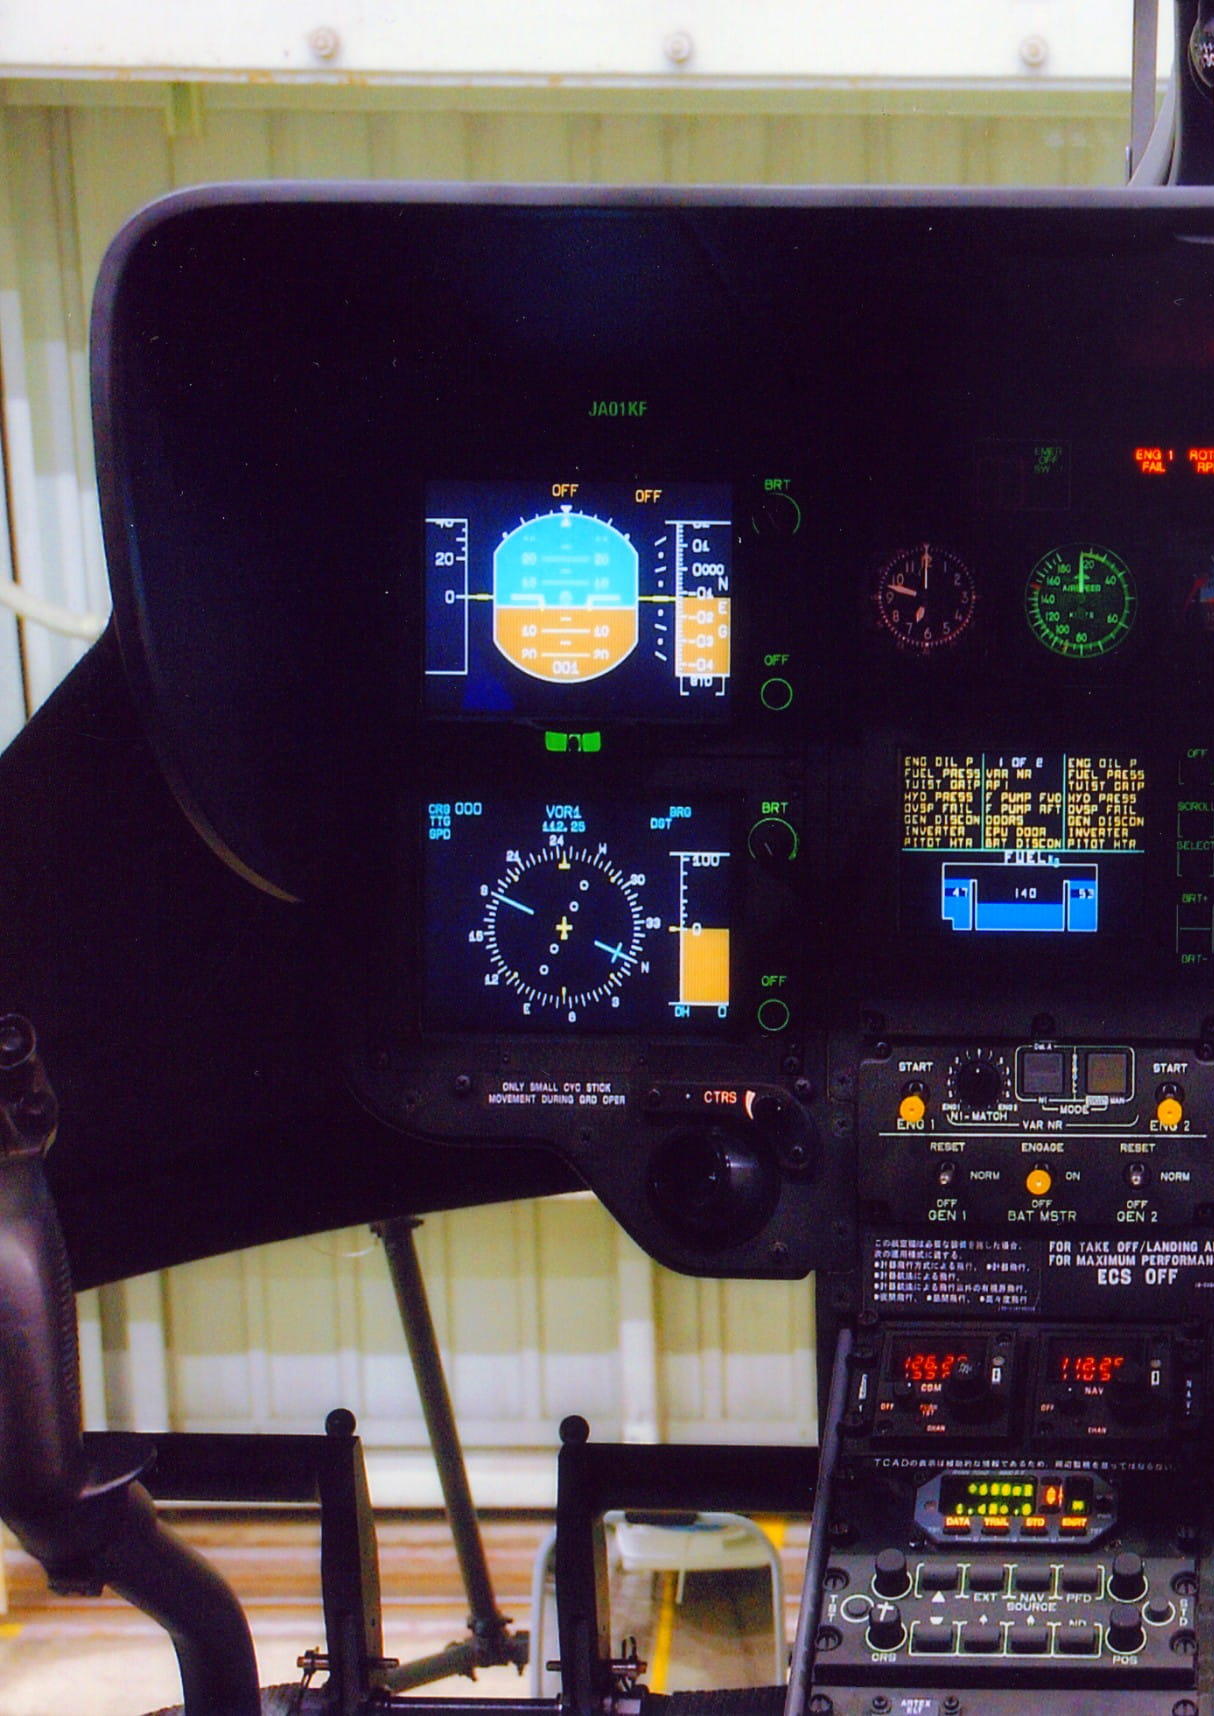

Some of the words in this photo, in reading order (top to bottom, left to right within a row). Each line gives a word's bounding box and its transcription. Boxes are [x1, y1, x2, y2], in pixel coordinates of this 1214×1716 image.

[588, 401, 648, 417] JA01KF
[1136, 449, 1161, 461] ENG
[1169, 450, 1173, 461] 1
[1142, 462, 1166, 473] FAIL
[764, 479, 791, 491] BRT
[551, 484, 579, 498] OFF
[634, 489, 663, 503] OFF
[764, 654, 789, 666] OFF
[904, 768, 934, 779] FUEL
[942, 769, 981, 779] PRESS
[1068, 769, 1098, 780] FUEL
[1107, 770, 1145, 781] PRESS
[904, 779, 942, 790] TWIST
[950, 780, 981, 791] GRIP
[1068, 780, 1105, 791] TWIST
[1114, 780, 1145, 792] GRIP
[904, 792, 927, 803] HYD
[935, 791, 973, 803] PRESS
[1068, 793, 1091, 804] HYD
[1098, 793, 1137, 804] PRESS
[545, 805, 582, 819] VOR1
[762, 801, 788, 814] BRT
[1068, 804, 1098, 815] OVSP
[1106, 805, 1136, 815] FAIL
[430, 816, 451, 827] TTG
[904, 814, 927, 825] GEN
[935, 815, 980, 826] DISCON
[985, 815, 1024, 826] DOORS
[1068, 816, 1091, 827] GEN
[1099, 816, 1145, 827] DISCON
[542, 821, 586, 833] 112.25
[905, 826, 966, 837] INVERTER
[1068, 827, 1129, 838] INVERTER
[549, 835, 564, 846] 24
[904, 837, 941, 849] PITOT
[950, 838, 973, 849] HTR
[985, 838, 1008, 849] BAT
[1015, 838, 1062, 849] DISCON
[1068, 838, 1105, 849] PITOT
[1114, 839, 1137, 850] HTR
[1015, 888, 1037, 899] 140
[761, 975, 787, 987] OFF
[899, 1062, 933, 1073] START
[1153, 1063, 1188, 1073] START
[502, 1082, 526, 1093] ONLY
[530, 1082, 559, 1093] SMALL
[563, 1082, 582, 1093] CYC
[586, 1083, 611, 1094] STICK
[489, 1094, 537, 1105] MOVEMENT
[541, 1094, 575, 1105] DURING
[579, 1094, 598, 1105] GRD
[602, 1094, 625, 1105] OPER
[704, 1091, 737, 1104] CTRS
[1060, 1105, 1089, 1115] MODE
[1022, 1120, 1045, 1130] VAR
[1047, 1120, 1063, 1130] NR
[930, 1142, 965, 1152] RESET
[1021, 1143, 1064, 1152] ENGAGE
[1120, 1143, 1156, 1153] RESET
[970, 1171, 1000, 1180] NORM
[1066, 1171, 1080, 1181] ON
[1160, 1172, 1190, 1182] NORM
[937, 1199, 958, 1208] OFF
[1032, 1200, 1052, 1208] OFF
[1127, 1200, 1148, 1209] OFF
[928, 1210, 956, 1221] GEN
[963, 1210, 967, 1222] 1
[1007, 1210, 1036, 1222] BAT
[1040, 1211, 1077, 1222] MSTR
[1117, 1211, 1145, 1222] GEN
[1151, 1211, 1158, 1222] 2
[1049, 1241, 1071, 1253] FOR
[1079, 1241, 1110, 1253] TAKE
[1117, 1241, 1199, 1253] OFF/LANDING
[1049, 1255, 1071, 1266] FOR
[1076, 1255, 1137, 1266] MAXIMUM
[1098, 1269, 1132, 1285] ECS
[1145, 1269, 1178, 1285] OFF
[1085, 1386, 1104, 1395] NAV
[945, 1517, 971, 1527] DATA
[973, 1592, 997, 1603] EXT
[1019, 1593, 1044, 1603] NAV
[1006, 1602, 1057, 1612] SOURCE
[871, 1653, 896, 1662] CRS
[1112, 1655, 1138, 1665] POS

** EXERCISE GOAL **
Repeat the data exactly as given. Keep every picture out of the copy.

** ANSWER TO THIS PROBLEM **
Some of the words in this photo, in reading order (top to bottom, left to right within a row). Each line gives a word's bounding box and its transcription. Boxes are [x1, y1, x2, y2], in pixel coordinates of this 1214×1716 image.

[588, 401, 648, 417] JA01KF
[1136, 449, 1161, 461] ENG
[1169, 450, 1173, 461] 1
[1142, 462, 1166, 473] FAIL
[764, 479, 791, 491] BRT
[551, 484, 579, 498] OFF
[634, 489, 663, 503] OFF
[764, 654, 789, 666] OFF
[904, 768, 934, 779] FUEL
[942, 769, 981, 779] PRESS
[1068, 769, 1098, 780] FUEL
[1107, 770, 1145, 781] PRESS
[904, 779, 942, 790] TWIST
[950, 780, 981, 791] GRIP
[1068, 780, 1105, 791] TWIST
[1114, 780, 1145, 792] GRIP
[904, 792, 927, 803] HYD
[935, 791, 973, 803] PRESS
[1068, 793, 1091, 804] HYD
[1098, 793, 1137, 804] PRESS
[545, 805, 582, 819] VOR1
[762, 801, 788, 814] BRT
[1068, 804, 1098, 815] OVSP
[1106, 805, 1136, 815] FAIL
[430, 816, 451, 827] TTG
[904, 814, 927, 825] GEN
[935, 815, 980, 826] DISCON
[985, 815, 1024, 826] DOORS
[1068, 816, 1091, 827] GEN
[1099, 816, 1145, 827] DISCON
[542, 821, 586, 833] 112.25
[905, 826, 966, 837] INVERTER
[1068, 827, 1129, 838] INVERTER
[549, 835, 564, 846] 24
[904, 837, 941, 849] PITOT
[950, 838, 973, 849] HTR
[985, 838, 1008, 849] BAT
[1015, 838, 1062, 849] DISCON
[1068, 838, 1105, 849] PITOT
[1114, 839, 1137, 850] HTR
[1015, 888, 1037, 899] 140
[761, 975, 787, 987] OFF
[899, 1062, 933, 1073] START
[1153, 1063, 1188, 1073] START
[502, 1082, 526, 1093] ONLY
[530, 1082, 559, 1093] SMALL
[563, 1082, 582, 1093] CYC
[586, 1083, 611, 1094] STICK
[489, 1094, 537, 1105] MOVEMENT
[541, 1094, 575, 1105] DURING
[579, 1094, 598, 1105] GRD
[602, 1094, 625, 1105] OPER
[704, 1091, 737, 1104] CTRS
[1060, 1105, 1089, 1115] MODE
[1022, 1120, 1045, 1130] VAR
[1047, 1120, 1063, 1130] NR
[930, 1142, 965, 1152] RESET
[1021, 1143, 1064, 1152] ENGAGE
[1120, 1143, 1156, 1153] RESET
[970, 1171, 1000, 1180] NORM
[1066, 1171, 1080, 1181] ON
[1160, 1172, 1190, 1182] NORM
[937, 1199, 958, 1208] OFF
[1032, 1200, 1052, 1208] OFF
[1127, 1200, 1148, 1209] OFF
[928, 1210, 956, 1221] GEN
[963, 1210, 967, 1222] 1
[1007, 1210, 1036, 1222] BAT
[1040, 1211, 1077, 1222] MSTR
[1117, 1211, 1145, 1222] GEN
[1151, 1211, 1158, 1222] 2
[1049, 1241, 1071, 1253] FOR
[1079, 1241, 1110, 1253] TAKE
[1117, 1241, 1199, 1253] OFF/LANDING
[1049, 1255, 1071, 1266] FOR
[1076, 1255, 1137, 1266] MAXIMUM
[1098, 1269, 1132, 1285] ECS
[1145, 1269, 1178, 1285] OFF
[1085, 1386, 1104, 1395] NAV
[945, 1517, 971, 1527] DATA
[973, 1592, 997, 1603] EXT
[1019, 1593, 1044, 1603] NAV
[1006, 1602, 1057, 1612] SOURCE
[871, 1653, 896, 1662] CRS
[1112, 1655, 1138, 1665] POS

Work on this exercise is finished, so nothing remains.